Declaring aspect

The concept of declaring Aspect with the @AspectJ annotation style is somewhat similar to XML schema-based AOP declaration. Just to recall, a Java class can be an Aspect in the Spring AOP framework. In annotation-based Spring AOP, you can declare any bean as an Aspect with the @Aspect annotation as follows:

package com.packt.spring.aop.aspects;
import org.aspectj.lang.annotation.Aspect;
import org.aspectj.lang.annotation.Pointcut;

@Aspect
public class SessionCheck {
}

The SessionCheck class is defined as a regular Spring bean in the application context (XML) file as follows:

<aop:aspectj-autoproxy/>
<bean id="sessionCheckAspect" class="com.packt.spring.aop.aspects.SessionCheck">
</bean>

Aspect classes may have methods and fields like any other Java class.

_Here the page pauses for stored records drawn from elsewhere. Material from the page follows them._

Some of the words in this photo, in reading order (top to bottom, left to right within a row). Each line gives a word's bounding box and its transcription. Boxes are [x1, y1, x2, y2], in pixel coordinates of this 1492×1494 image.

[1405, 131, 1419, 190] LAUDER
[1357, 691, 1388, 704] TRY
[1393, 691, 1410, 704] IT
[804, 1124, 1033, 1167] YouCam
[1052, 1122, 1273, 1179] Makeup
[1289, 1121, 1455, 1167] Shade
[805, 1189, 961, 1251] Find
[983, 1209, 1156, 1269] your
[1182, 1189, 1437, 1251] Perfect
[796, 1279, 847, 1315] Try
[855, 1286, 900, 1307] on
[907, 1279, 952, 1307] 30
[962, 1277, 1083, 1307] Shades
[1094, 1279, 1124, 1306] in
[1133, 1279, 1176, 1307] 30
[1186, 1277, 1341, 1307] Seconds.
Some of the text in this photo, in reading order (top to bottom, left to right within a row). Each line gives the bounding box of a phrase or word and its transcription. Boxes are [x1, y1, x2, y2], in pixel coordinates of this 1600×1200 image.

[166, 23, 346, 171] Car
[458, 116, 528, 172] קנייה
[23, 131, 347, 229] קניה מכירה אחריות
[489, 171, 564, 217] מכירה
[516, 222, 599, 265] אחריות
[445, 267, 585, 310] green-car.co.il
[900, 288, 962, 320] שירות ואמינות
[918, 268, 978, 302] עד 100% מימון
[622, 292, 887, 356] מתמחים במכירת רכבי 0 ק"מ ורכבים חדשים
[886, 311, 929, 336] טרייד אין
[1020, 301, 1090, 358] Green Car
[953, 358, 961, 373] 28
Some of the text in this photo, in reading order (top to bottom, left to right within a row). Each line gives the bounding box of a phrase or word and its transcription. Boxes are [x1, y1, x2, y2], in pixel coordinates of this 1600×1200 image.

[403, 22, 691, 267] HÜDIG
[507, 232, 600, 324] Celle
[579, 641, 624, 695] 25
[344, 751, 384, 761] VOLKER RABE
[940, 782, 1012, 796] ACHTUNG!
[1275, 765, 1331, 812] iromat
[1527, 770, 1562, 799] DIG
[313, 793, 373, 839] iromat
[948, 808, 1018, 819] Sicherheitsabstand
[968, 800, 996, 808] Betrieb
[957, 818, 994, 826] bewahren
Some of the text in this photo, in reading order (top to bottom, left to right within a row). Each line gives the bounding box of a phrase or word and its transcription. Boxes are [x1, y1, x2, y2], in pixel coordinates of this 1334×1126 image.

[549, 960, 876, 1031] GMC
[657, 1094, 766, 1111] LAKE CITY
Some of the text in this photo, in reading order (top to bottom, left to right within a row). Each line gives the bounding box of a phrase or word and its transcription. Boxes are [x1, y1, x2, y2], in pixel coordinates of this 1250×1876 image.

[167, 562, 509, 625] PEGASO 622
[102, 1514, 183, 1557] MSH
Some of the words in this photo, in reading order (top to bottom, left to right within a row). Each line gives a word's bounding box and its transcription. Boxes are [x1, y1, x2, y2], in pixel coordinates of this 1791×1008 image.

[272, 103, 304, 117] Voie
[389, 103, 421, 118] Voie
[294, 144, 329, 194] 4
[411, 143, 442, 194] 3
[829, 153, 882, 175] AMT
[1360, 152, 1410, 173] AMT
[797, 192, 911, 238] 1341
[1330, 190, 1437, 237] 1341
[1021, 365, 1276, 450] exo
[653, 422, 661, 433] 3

Spring doesn't impose any limits on defining aspects only with the bean defined in the application context (XML) file. If you have used bean autodetection through Java package scanning (with the <context:component-scan> element), Spring intelligently detects the Aspect class with the @Aspect annotation. Aspect classes may contain point-cuts and advice declaration.

The @Aspect annotation itself is not sufficient for Spring to autodetect the class. You still need to use @Component, or any other stereotype annotation. @Aspect will consider the class (which is autodetected by @Component or an equivalent annotation) as an aspect for Spring AOP.